Everything in the data that follows should be given again verbatim, except the images.

### Dataset content
Segment Open

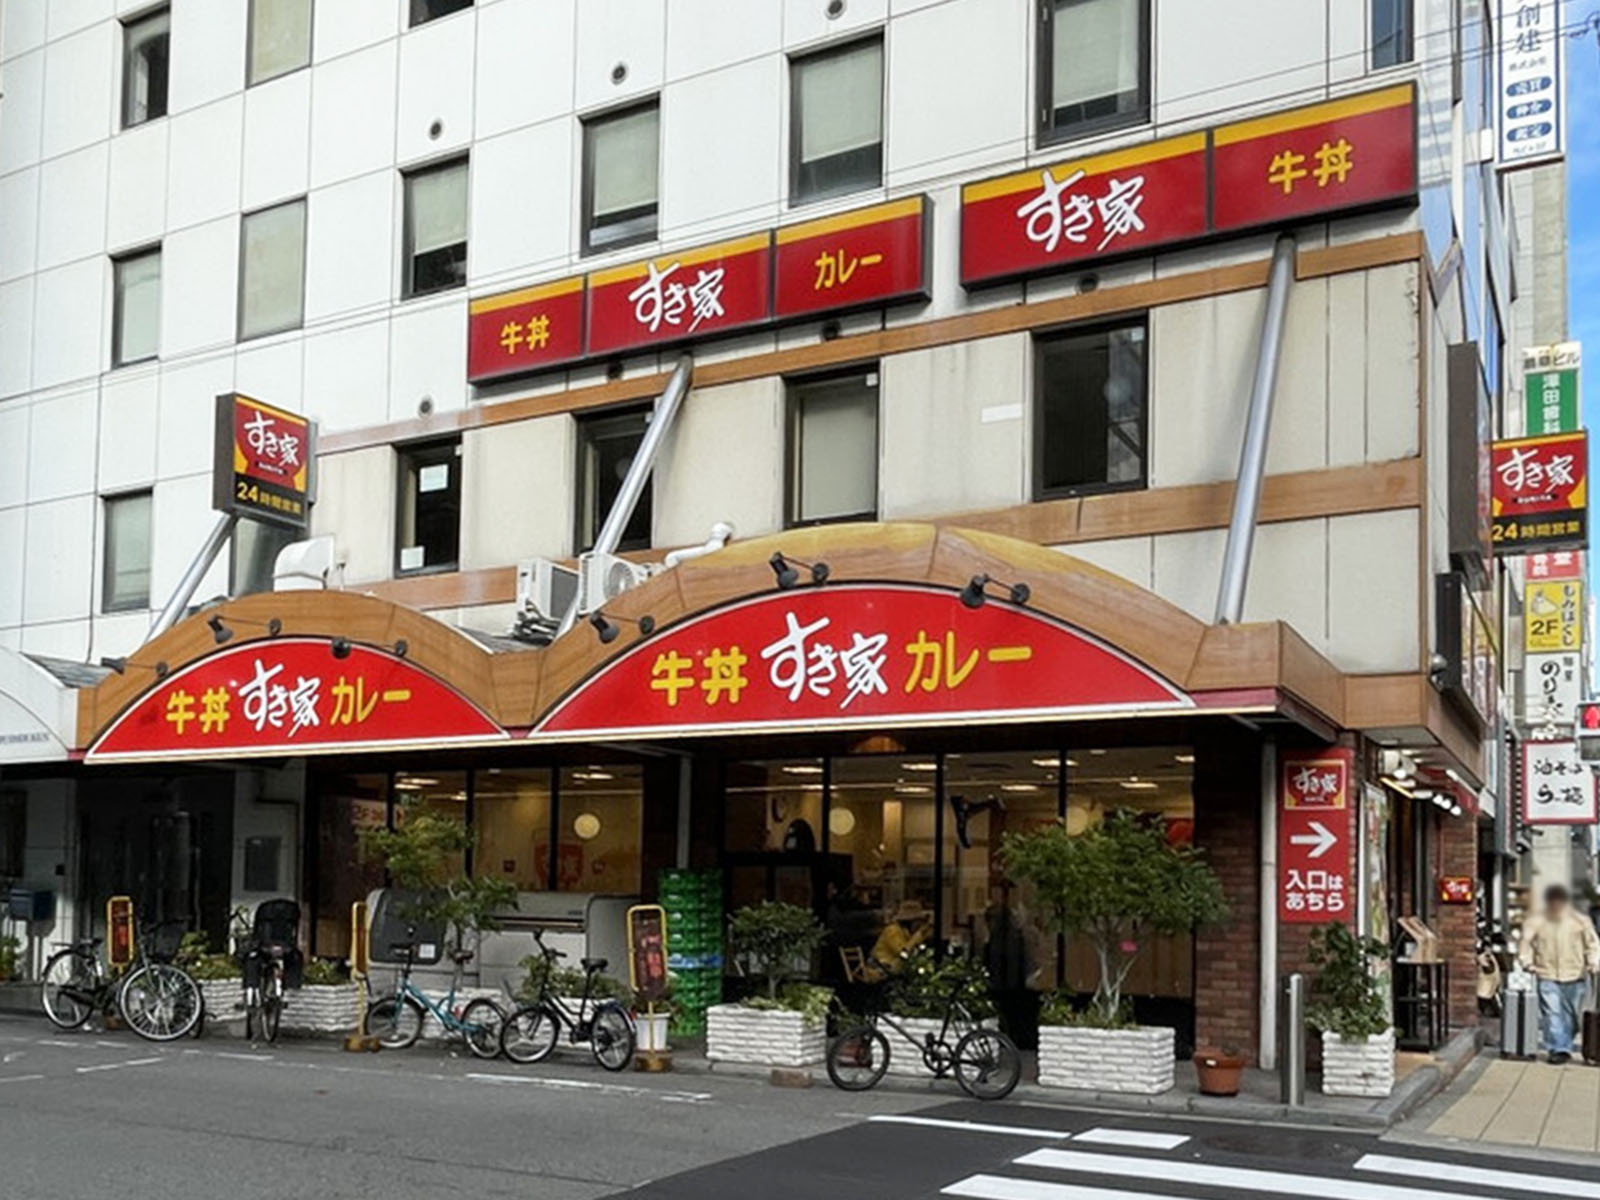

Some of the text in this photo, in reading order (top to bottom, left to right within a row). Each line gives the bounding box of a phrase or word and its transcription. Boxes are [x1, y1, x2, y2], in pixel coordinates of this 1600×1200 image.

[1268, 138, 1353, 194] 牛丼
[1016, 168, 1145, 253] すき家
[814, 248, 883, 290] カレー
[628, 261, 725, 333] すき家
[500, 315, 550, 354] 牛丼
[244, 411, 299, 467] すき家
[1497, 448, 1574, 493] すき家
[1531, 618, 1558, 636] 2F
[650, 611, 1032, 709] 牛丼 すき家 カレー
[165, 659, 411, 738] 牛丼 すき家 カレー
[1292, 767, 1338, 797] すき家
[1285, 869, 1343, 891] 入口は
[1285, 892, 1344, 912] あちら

Segment Closed

### Task result
Some of the text in this photo, in reading order (top to bottom, left to right within a row). Each line gives the bounding box of a phrase or word and its transcription. Boxes are [x1, y1, x2, y2], in pixel coordinates of this 1600×1200 image.

[1268, 138, 1353, 194] 牛丼
[1016, 168, 1145, 253] すき家
[814, 248, 883, 290] カレー
[628, 261, 725, 333] すき家
[500, 315, 550, 354] 牛丼
[244, 411, 299, 467] すき家
[1497, 448, 1574, 493] すき家
[1531, 618, 1558, 636] 2F
[650, 611, 1032, 709] 牛丼 すき家 カレー
[165, 659, 411, 738] 牛丼 すき家 カレー
[1292, 767, 1338, 797] すき家
[1285, 869, 1343, 891] 入口は
[1285, 892, 1344, 912] あちら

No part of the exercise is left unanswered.